Unlike the first film, this one offers several characters who are sufficiently well drawn we can imagine versions of the story in which each is the protagonist: Leslie Mann, as a mother pained by her son’s tendency to fall headlong in love regardless of his chances; Evan Assante as David, the kid brother who looks up to Raiff’s college grad even when he’s stuck sleeping on a cot in the boy’s bedroom; and Lola (the effortlessly winning newcomer Vanessa Burghardt), the bullied but self-assured daughter the story revolves around. But especially Johnson’s Domino, a character the film accepts as being more complex than our hero, with untidy motivations that needn’t necessarily be explained to his satisfaction.
Cha Cha Real Smooth
The Bottom Line A confident step in a burgeoning career.
Raiff’s Andrew has just finished college without much of a plan. He hopes he can earn enough money to follow his girlfriend to Barcelona, but working at a hot dog stand in the mall makes that a long shot. An unlikely side hustle materializes when, chaperoning David at a low-energy bat mitzvah party, he winds up convincing the whole room to get on the dance floor and have fun. By the end of the night, Jewish moms are lining up to hire him as a good-times catalyst at their own events.
None of that would’ve been likely had he not spotted two outcasts at the start of the night. Beautiful but unhappy-looking, Domino walked into the room accompanied by mean gossip (somebody whispers she’s the “crazy mom” who screwed somebody else’s husband) and a daughter intent on not mingling. Wearing big headphones and focused on a giant cube puzzle, Lola was definitely not going to be dancing tonight. Until Andrew convinced her to.
If that doesn’t immediately make Andrew Domino’s Prince Charming, a minor emergency at another party demonstrates the depth of his compassion and his ability to improvise. By the end of this evening, Lola has decided Andrew should be her babysitter (she can tell he wouldn’t treat her like a baby), and the two adults have shared enough of themselves that further intimacy seems inevitable. A bittersweet prologue has shown how easily Andrew imagines love connections that don’t exist; but there’s nothing imaginary about the chemistry between these two.
Also not imaginary: Domino’s fiancé Joseph (Raúl Castillo), currently on a work trip to Chicago. But that doesn’t stop the two from spending time together, or keep Andrew from babysitting when Joseph’s back in town. When the men finally meet, Cha Cha is cagey about whether Joseph’s a jerk to be bested, a good match for Domino or something else. Of major characters, only Andrew’s stepfather is viewed in a harsher light. (It’s no coincidence when a film by a young, sensitive man offers the least empathy to older guys unafflicted by self-doubt. But eventually, Cha Cha sees these two as humans as well.)

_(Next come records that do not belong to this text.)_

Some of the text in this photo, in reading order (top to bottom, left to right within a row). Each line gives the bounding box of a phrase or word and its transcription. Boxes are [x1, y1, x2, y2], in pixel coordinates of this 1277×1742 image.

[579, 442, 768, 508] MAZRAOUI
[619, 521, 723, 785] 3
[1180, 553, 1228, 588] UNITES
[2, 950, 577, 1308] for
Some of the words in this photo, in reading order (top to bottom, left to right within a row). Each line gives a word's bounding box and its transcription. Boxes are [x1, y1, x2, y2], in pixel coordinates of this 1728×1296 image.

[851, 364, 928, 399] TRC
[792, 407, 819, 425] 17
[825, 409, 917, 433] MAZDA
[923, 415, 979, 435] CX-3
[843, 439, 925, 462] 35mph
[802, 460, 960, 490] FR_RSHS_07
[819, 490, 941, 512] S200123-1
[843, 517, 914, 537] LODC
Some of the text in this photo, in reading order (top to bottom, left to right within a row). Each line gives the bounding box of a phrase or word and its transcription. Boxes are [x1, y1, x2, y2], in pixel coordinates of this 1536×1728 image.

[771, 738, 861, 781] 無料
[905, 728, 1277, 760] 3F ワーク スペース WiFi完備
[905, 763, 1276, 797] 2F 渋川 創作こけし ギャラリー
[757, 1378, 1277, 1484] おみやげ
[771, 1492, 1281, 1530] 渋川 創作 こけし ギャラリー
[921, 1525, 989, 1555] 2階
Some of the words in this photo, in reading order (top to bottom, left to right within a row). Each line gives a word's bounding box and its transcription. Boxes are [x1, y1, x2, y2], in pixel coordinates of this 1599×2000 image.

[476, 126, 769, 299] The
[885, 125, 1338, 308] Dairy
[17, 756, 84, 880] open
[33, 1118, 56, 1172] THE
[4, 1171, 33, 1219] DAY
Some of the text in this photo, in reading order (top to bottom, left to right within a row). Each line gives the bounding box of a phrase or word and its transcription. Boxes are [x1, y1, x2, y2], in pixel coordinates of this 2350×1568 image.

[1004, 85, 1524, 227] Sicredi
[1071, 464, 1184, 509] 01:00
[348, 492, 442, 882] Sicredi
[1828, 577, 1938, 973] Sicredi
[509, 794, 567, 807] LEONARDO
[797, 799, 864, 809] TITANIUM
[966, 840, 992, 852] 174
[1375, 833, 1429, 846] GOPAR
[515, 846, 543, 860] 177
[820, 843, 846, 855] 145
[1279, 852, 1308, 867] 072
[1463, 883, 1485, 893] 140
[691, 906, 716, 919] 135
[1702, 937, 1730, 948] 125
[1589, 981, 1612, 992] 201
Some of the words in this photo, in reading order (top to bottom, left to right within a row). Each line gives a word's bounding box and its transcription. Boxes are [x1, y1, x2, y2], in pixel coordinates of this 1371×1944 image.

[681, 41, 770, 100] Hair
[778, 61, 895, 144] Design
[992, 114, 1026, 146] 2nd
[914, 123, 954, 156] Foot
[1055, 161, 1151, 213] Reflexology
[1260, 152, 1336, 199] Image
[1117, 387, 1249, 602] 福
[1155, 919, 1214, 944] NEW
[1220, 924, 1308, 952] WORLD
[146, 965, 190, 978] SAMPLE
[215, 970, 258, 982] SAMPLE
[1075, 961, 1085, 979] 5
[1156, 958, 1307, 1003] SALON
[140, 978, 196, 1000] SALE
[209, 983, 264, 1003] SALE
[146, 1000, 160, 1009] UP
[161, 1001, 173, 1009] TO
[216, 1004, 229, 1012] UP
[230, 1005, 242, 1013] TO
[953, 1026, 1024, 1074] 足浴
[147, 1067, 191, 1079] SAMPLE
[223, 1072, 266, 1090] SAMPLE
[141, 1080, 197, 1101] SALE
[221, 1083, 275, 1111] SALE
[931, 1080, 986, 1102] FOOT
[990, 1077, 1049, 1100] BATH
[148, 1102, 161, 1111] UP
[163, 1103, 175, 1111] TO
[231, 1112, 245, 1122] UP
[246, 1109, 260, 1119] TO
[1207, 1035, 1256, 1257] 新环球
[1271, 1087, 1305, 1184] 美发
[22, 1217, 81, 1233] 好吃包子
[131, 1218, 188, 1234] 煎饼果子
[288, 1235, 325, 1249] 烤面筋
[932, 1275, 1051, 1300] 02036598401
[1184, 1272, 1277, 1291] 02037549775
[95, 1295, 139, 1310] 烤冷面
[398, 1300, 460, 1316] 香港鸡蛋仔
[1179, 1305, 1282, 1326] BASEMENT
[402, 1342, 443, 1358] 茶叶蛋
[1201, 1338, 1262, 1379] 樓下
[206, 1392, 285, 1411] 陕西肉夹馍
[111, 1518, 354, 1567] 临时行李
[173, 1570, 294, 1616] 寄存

Andrew’s no saint: When feeling spurned or toyed with by Domino, he’s quick to try hooking up with the hot classmate (Odeya Rush) he longed for in high school. He also hasn’t mastered the art of alcohol consumption: Some drunken and/or overemotional moments allow Raiff to show he has several gears between mild frustration and the full-blown romantic despair of Shithouse. But then, Andrew has much more emotional intelligence than that film’s Alex. As this story develops, he’s going to need it.
If Cha Cha should connect with a large enough number of movielovers to make Raiff an in-demand talent, it’s likely he’ll eventually face some backlash as well. The world can be cruel to nice guys, especially boyishly handsome ones whose talent for connection relies on guilelessness and conspicuous vulnerability. The speed with which he put together such an assured second film suggests Raiff isn’t quite as soft off-screen as on; and the differences between this performance and the last suggest he’ll have some range as an actor as well. Here’s hoping he gets the chance to prove that soon.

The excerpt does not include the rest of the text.